● **What needs to be done**
Copy exactly the last part of the listing below, beginning at the line that contains "this 1409×1409 image." and including the final line.

● **Material for this task**
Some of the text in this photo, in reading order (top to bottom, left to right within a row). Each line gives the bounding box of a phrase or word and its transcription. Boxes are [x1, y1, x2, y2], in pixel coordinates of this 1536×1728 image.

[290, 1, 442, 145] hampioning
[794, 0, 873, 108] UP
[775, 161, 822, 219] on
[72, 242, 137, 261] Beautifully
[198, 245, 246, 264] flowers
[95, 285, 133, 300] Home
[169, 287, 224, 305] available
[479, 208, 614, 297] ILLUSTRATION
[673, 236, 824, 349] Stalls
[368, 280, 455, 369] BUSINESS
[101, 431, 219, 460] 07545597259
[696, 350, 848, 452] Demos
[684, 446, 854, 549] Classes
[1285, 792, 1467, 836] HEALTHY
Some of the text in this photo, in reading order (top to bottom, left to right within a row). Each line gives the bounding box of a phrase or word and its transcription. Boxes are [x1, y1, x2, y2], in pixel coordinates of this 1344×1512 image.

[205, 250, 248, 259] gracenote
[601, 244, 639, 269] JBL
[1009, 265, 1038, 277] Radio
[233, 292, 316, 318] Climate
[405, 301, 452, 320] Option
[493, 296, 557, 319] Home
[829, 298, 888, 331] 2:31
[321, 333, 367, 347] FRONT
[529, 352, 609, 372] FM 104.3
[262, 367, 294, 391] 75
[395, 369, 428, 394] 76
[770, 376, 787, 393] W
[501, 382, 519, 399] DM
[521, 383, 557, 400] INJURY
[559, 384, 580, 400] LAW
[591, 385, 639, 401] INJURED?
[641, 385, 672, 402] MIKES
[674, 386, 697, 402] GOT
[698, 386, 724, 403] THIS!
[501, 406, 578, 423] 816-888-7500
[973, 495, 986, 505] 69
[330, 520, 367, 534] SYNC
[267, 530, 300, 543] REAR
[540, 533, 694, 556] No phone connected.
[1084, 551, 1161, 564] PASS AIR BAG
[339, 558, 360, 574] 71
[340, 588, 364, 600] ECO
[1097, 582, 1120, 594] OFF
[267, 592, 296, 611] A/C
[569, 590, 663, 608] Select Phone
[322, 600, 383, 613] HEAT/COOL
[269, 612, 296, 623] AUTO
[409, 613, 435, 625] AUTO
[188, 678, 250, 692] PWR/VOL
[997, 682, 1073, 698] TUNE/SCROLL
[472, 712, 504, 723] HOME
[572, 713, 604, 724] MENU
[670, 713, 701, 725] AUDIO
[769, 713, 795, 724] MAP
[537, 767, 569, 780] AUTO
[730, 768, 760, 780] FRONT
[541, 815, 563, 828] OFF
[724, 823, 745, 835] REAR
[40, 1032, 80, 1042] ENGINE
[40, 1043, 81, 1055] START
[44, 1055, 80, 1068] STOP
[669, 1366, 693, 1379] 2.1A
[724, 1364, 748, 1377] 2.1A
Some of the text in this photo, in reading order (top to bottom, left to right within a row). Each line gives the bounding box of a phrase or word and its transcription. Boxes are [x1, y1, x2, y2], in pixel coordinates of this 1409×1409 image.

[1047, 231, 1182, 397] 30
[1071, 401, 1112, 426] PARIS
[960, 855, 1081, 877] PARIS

● **Response to the task**
Some of the text in this photo, in reading order (top to bottom, left to right within a row). Each line gives the bounding box of a phrase or word and its transcription. Boxes are [x1, y1, x2, y2], in pixel coordinates of this 1409×1409 image.

[1047, 231, 1182, 397] 30
[1071, 401, 1112, 426] PARIS
[960, 855, 1081, 877] PARIS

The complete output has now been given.